O mesmo vale para os serviços jurídicos. Entre os elementos tratados como suspeitos está o fato de o advogado contratado para cuidar dos processos eleitorais ter ligação com o partido. Não há ilegalidade em uma organização política contratar um advogado de sua confiança para representá-la.
Gastos declarados
Segundo as informações divulgadas sobre o inquérito, são investigados aproximadamente R$ 1,8 milhão pagos a três empresas gráficas durante cerca de cinco anos.
A nota divulgada pelo PCO após a operação lembra que, apenas nas eleições de 2018, 2020 e 2022, o partido lançou 442 candidatos. Dividido entre essas candidaturas, o valor corresponde a pouco mais de R$ 4 mil por candidato durante todo o período.
Trata-se de despesas de um partido nacional com centenas de campanhas eleitorais em diferentes pleitos.
Também não foi apontado superfaturamento dos serviços. Não há demonstração de que o partido tenha pago valores artificialmente elevados, de que parte do dinheiro tenha retornado aos dirigentes ou de que os recursos tenham sido utilizados para enriquecimento pessoal.
A busca na residência de Rui Costa Pimenta tampouco revelou patrimônio incompatível com sua renda. A PF não encontrou grandes quantidades de dinheiro, joias, carros de luxo ou outros bens que pudessem sustentar a tese de enriquecimento ilícito.
Pimenta vive em uma casa alugada no Jabaquara, bairro popular de São Paulo. Na residência, os agentes apreenderam equipamentos eletrônicos, telefone celular, HDs e seu passaporte.
O contraste entre o aparato empregado na operação e aquilo que foi encontrado é ainda maior diante da acusação lançada publicamente contra o partido.
Uma sucessão de inquéritos
A investigação atual se soma a uma série de procedimentos abertos contra o PCO e seus dirigentes nos últimos anos.
O partido já foi incluído no chamado inquérito das fake news e enfrentou processos relacionados às suas prestações de contas.
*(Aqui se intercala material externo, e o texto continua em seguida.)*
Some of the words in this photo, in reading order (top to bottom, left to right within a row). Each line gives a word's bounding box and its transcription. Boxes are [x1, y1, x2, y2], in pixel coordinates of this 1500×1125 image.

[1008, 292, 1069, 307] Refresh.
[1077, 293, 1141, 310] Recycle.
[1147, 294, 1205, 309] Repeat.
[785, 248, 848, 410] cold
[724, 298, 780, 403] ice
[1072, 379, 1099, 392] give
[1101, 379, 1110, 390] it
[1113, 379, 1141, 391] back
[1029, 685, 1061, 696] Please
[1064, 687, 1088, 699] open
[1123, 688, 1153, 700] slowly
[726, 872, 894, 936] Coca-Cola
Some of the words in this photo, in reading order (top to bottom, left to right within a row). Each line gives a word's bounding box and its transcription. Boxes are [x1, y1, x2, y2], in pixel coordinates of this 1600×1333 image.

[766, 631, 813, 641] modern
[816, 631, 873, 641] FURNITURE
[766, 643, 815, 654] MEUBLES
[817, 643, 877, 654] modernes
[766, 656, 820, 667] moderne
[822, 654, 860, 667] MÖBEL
Rui Costa Pimenta e outros dirigentes também passaram a ser investigados por acusações de racismo e apologia ao terrorismo.
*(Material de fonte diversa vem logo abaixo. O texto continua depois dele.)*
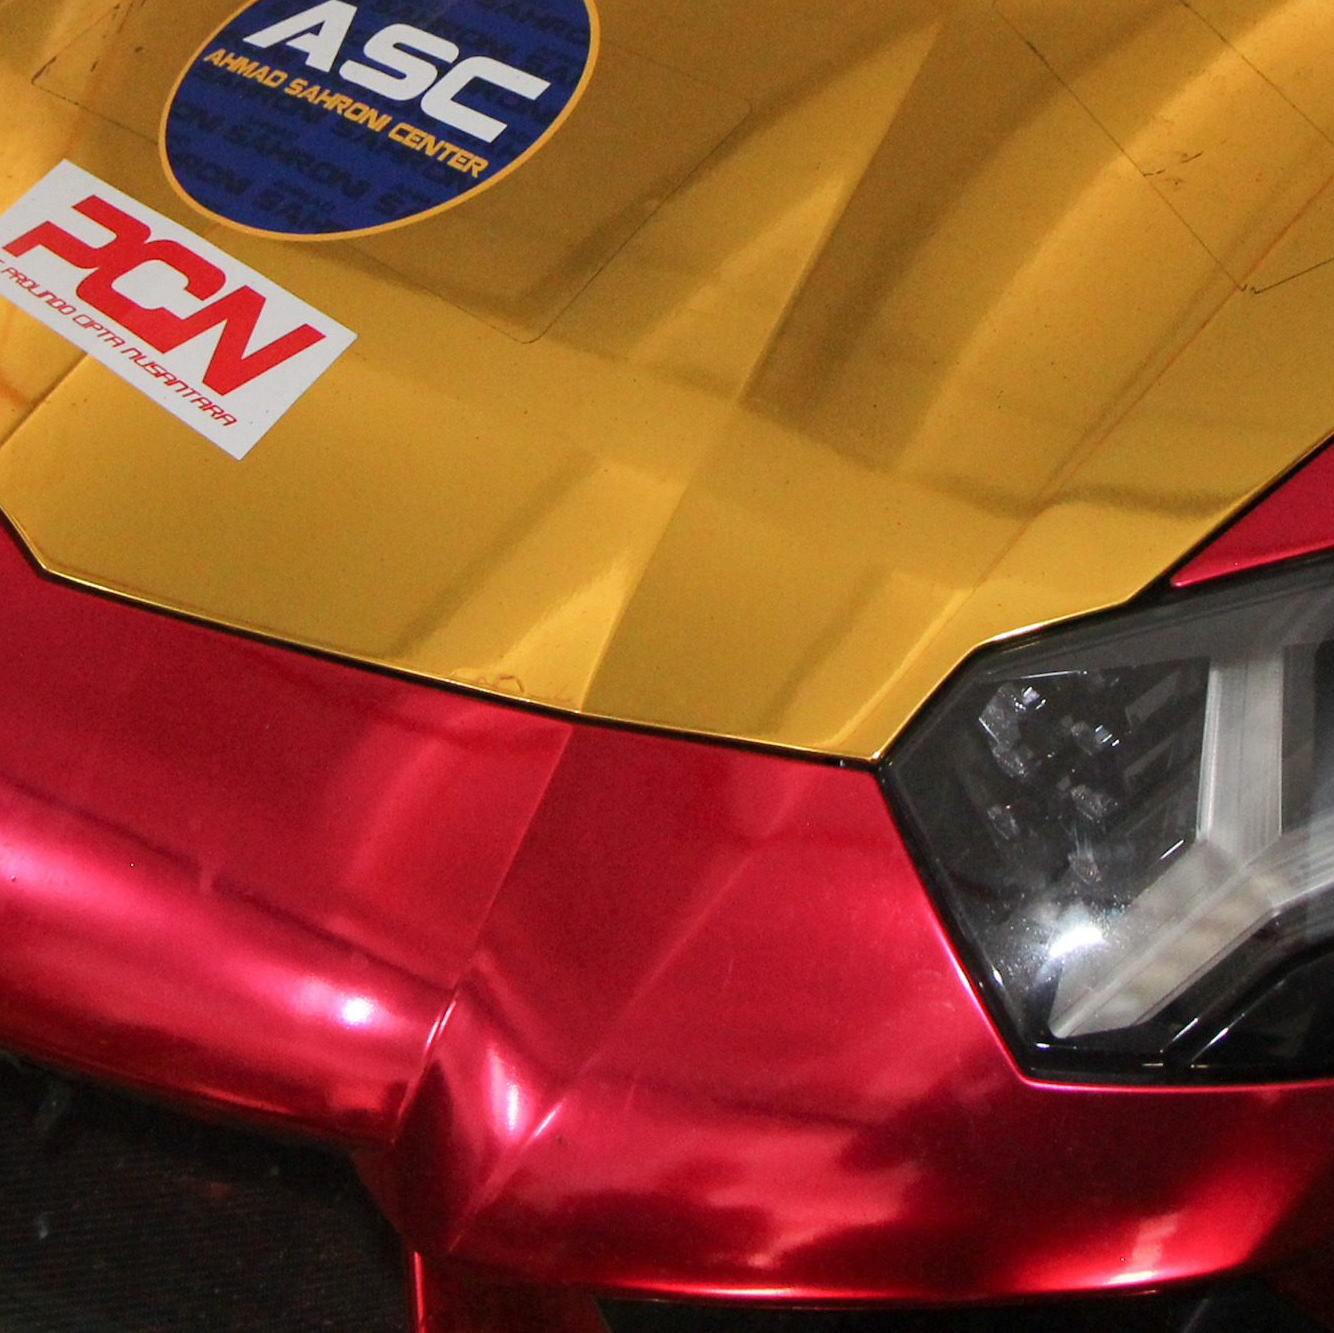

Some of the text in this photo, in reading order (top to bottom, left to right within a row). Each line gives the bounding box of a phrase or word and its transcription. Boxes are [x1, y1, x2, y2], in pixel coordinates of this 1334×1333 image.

Boa parte desses processos decorre diretamente das posições políticas defendidas pelo partido.
Organizações sionistas apresentaram dezenas de denúncias contra o PCO e seus dirigentes por causa da defesa da resistência palestina e das denúncias dos crimes cometidos por “Israel” contra a população palestina. A defesa do direito dos palestinos de resistirem à ocupação foi transformada em acusação de terrorismo.
As denúncias do genocídio e dos assassinatos de crianças palestinas também serviram de base para acusações de racismo.
O PCO ainda foi alvo de medidas judiciais por sua campanha contra os abusos do Supremo Tribunal Federal e contra a perseguição promovida pelo Judiciário. O partido denunciou a ofensiva contra Lula durante a Lava Jato e, posteriormente, também se colocou contra arbitrariedades cometidas contra Jair Bolsonaro e seus apoiadores.
Às acusações de racismo, terrorismo e fake news acrescenta-se agora a tentativa de vincular o partido ao desvio de recursos eleitorais.
Onde está o crime?
As despesas investigadas foram declaradas à Justiça Eleitoral. As empresas contratadas existem. Os serviços foram prestados. Não há prova apresentada de superfaturamento, retorno clandestino dos recursos ou enriquecimento dos dirigentes.
A ligação política entre fornecedores e integrantes do PCO não transforma uma prestação de serviços em crime. A contratação de um advogado ligado ao partido também não.
Apesar disso, a operação foi apresentada publicamente sob termos que remetem a corrupção, desvio de verba e lavagem de dinheiro.
A investigação, porém, não demonstrou nenhum desses crimes. Trata-se de uma operação de perseguição política contra o Partido da Causa Operária.